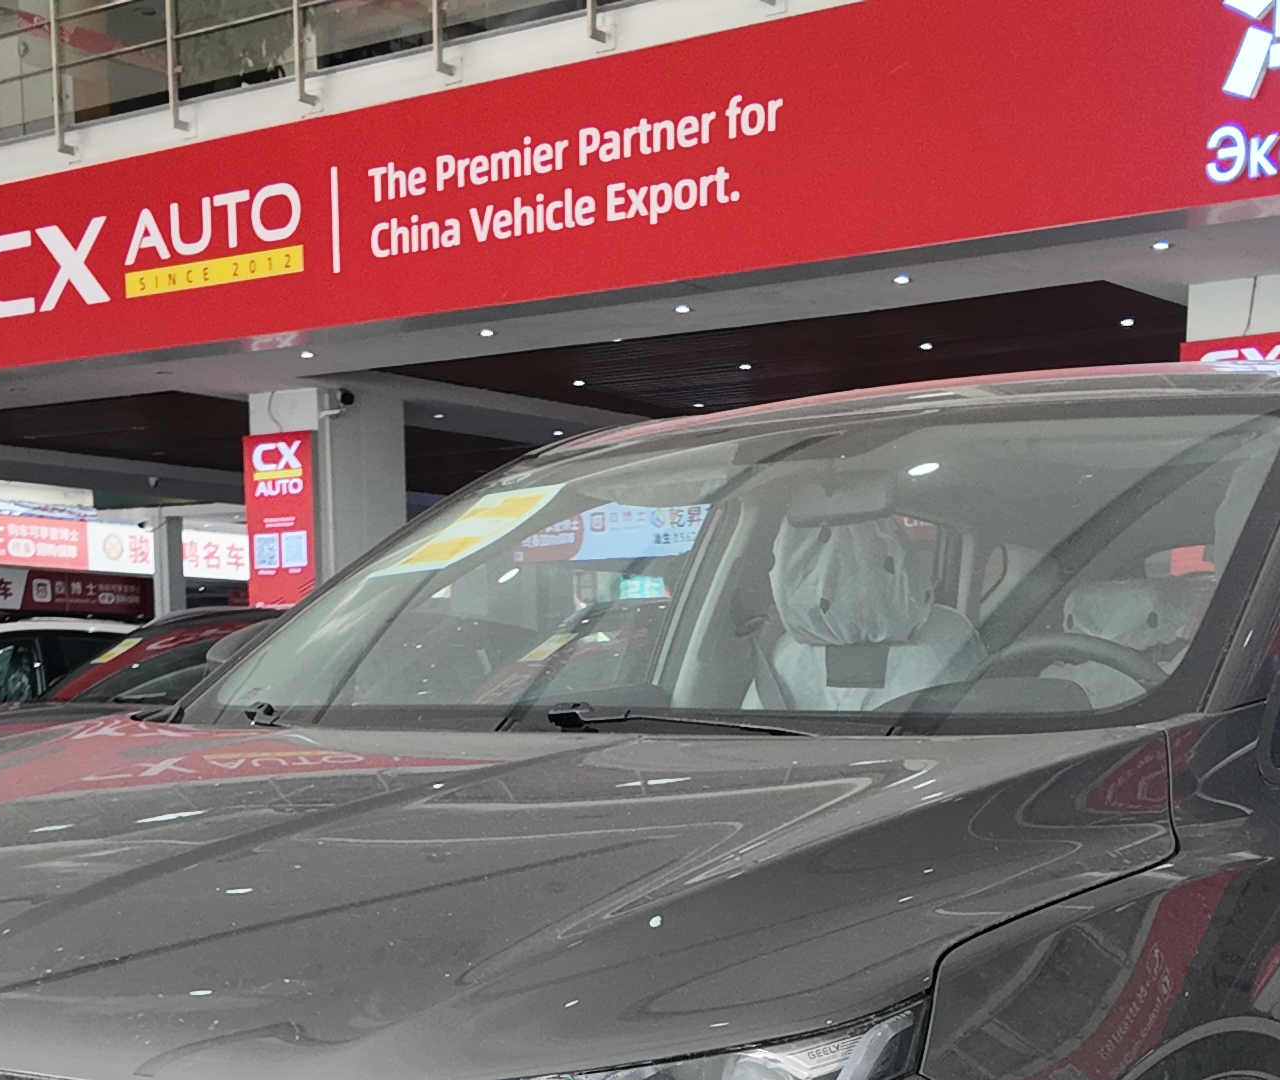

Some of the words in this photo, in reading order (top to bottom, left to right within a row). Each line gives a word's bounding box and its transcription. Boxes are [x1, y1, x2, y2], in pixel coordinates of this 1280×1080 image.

[368, 161, 427, 202] The
[436, 136, 569, 191] Premier
[578, 110, 716, 166] Partner
[725, 94, 783, 139] for
[124, 182, 302, 266] AUTO
[369, 214, 461, 258] China
[469, 188, 596, 243] Vehicle
[606, 165, 741, 225] Export.
[138, 264, 211, 291] SINCE
[232, 253, 293, 277] 2012
[251, 440, 303, 472] CX
[255, 478, 304, 498] AUTO
[807, 1044, 841, 1060] GEELY
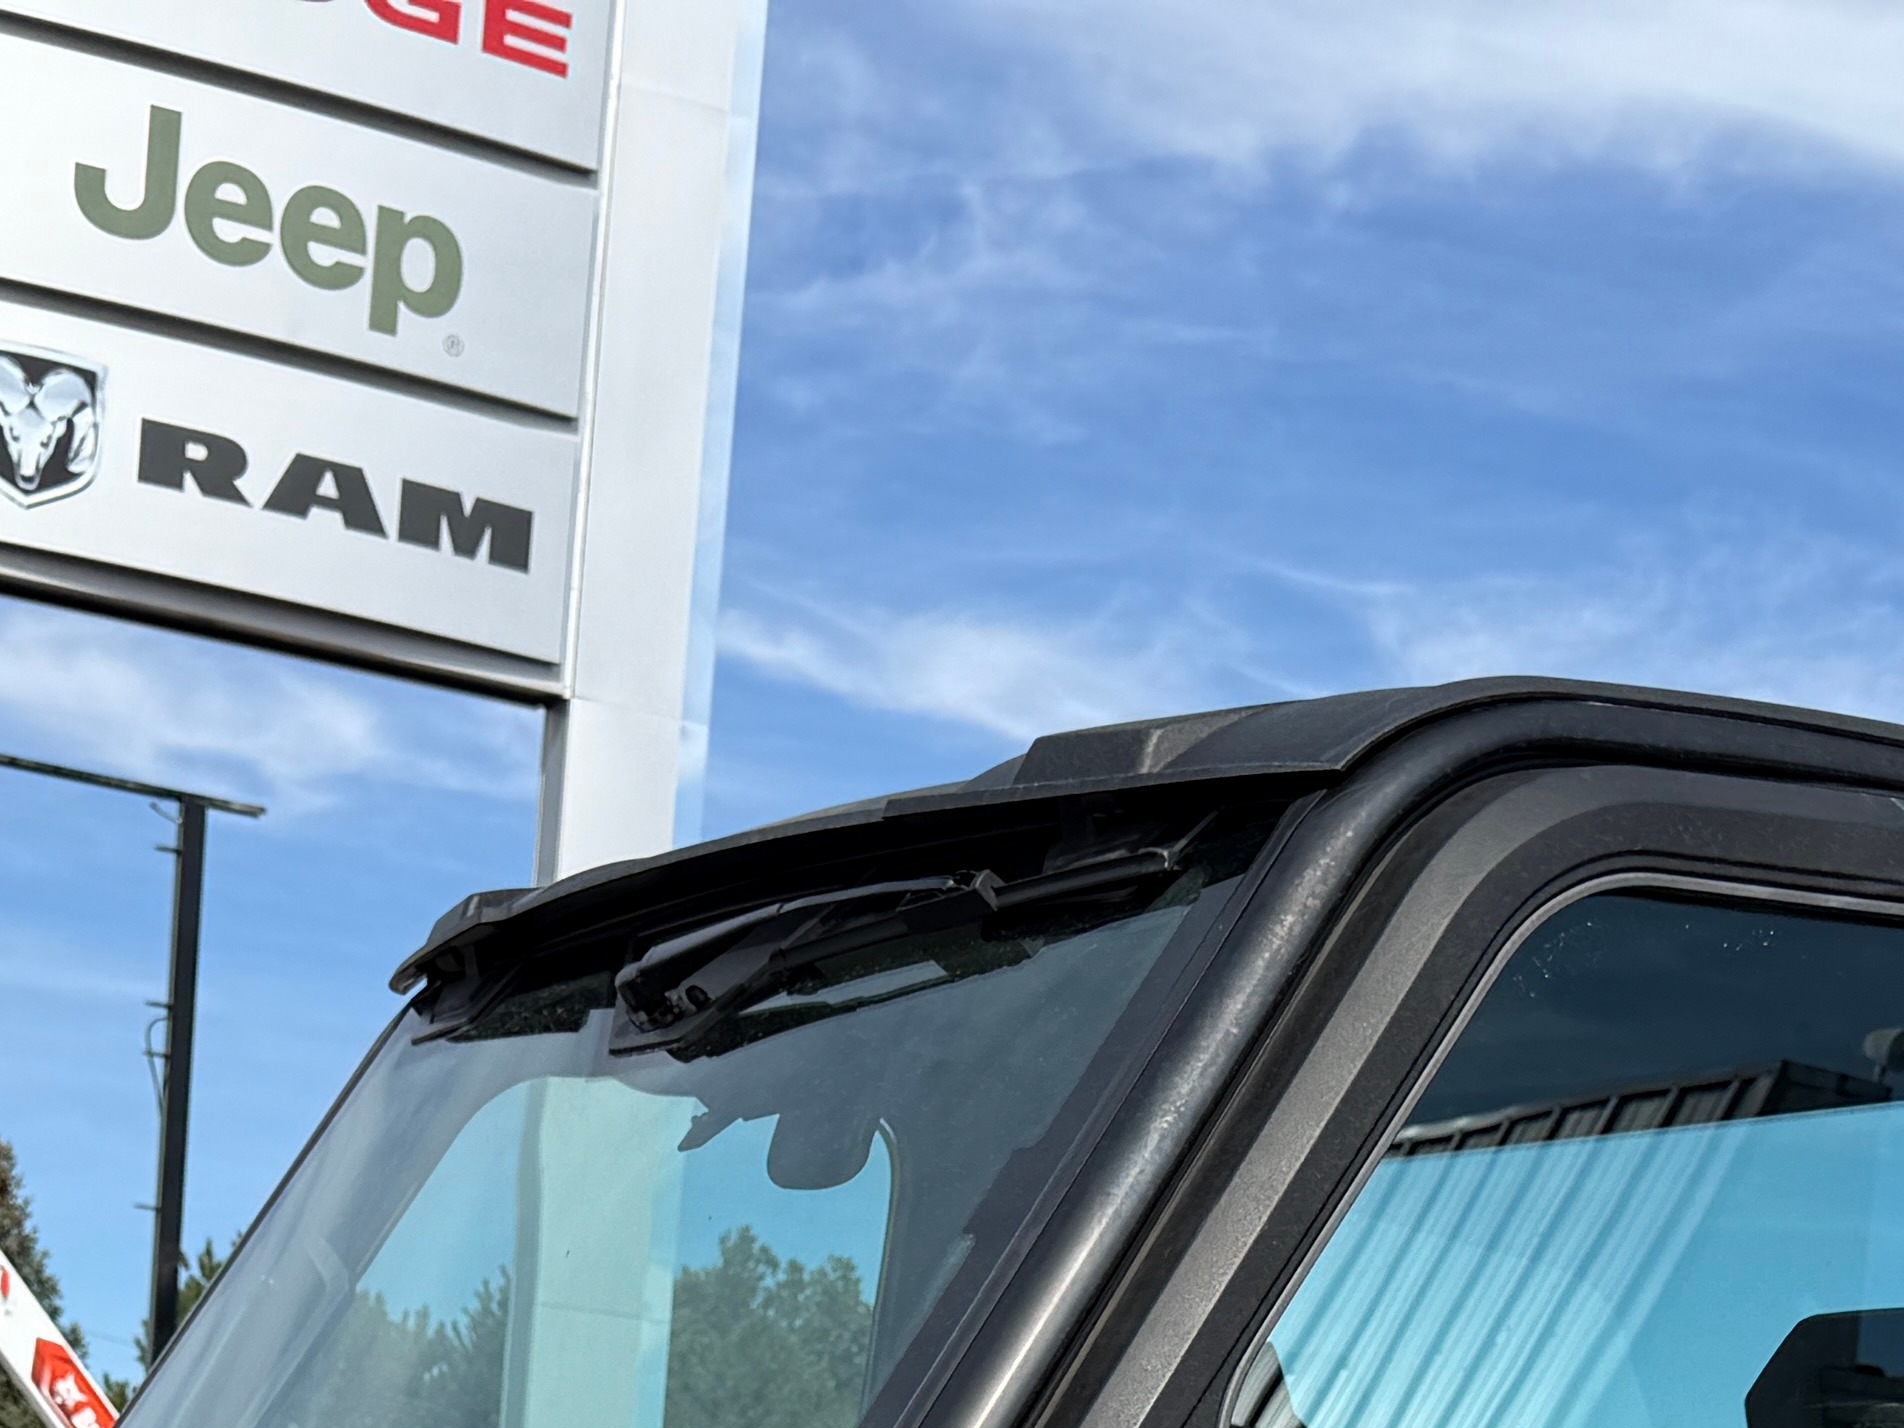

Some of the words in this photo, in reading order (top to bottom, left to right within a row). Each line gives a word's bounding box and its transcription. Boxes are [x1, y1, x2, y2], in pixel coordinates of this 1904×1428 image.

[296, 0, 572, 79] GE
[73, 105, 464, 337] Jeep
[137, 417, 534, 575] RAM

----------

▶ TASK STATEMENT:
If an entry holds a picture, leave the picture out and repeat the rest exactly.

▶ WRITTEN SOLUTION:
Some of the words in this photo, in reading order (top to bottom, left to right within a row). Each line gives a word's bounding box and its transcription. Boxes are [x1, y1, x2, y2], in pixel coordinates of this 1280×1080 image.

[368, 161, 427, 202] The
[436, 136, 569, 191] Premier
[578, 110, 716, 166] Partner
[725, 94, 783, 139] for
[124, 182, 302, 266] AUTO
[369, 214, 461, 258] China
[469, 188, 596, 243] Vehicle
[606, 165, 741, 225] Export.
[138, 264, 211, 291] SINCE
[232, 253, 293, 277] 2012
[251, 440, 303, 472] CX
[255, 478, 304, 498] AUTO
[807, 1044, 841, 1060] GEELY

Some of the words in this photo, in reading order (top to bottom, left to right within a row). Each line gives a word's bounding box and its transcription. Boxes are [x1, y1, x2, y2], in pixel coordinates of this 1904×1428 image.

[296, 0, 572, 79] GE
[73, 105, 464, 337] Jeep
[137, 417, 534, 575] RAM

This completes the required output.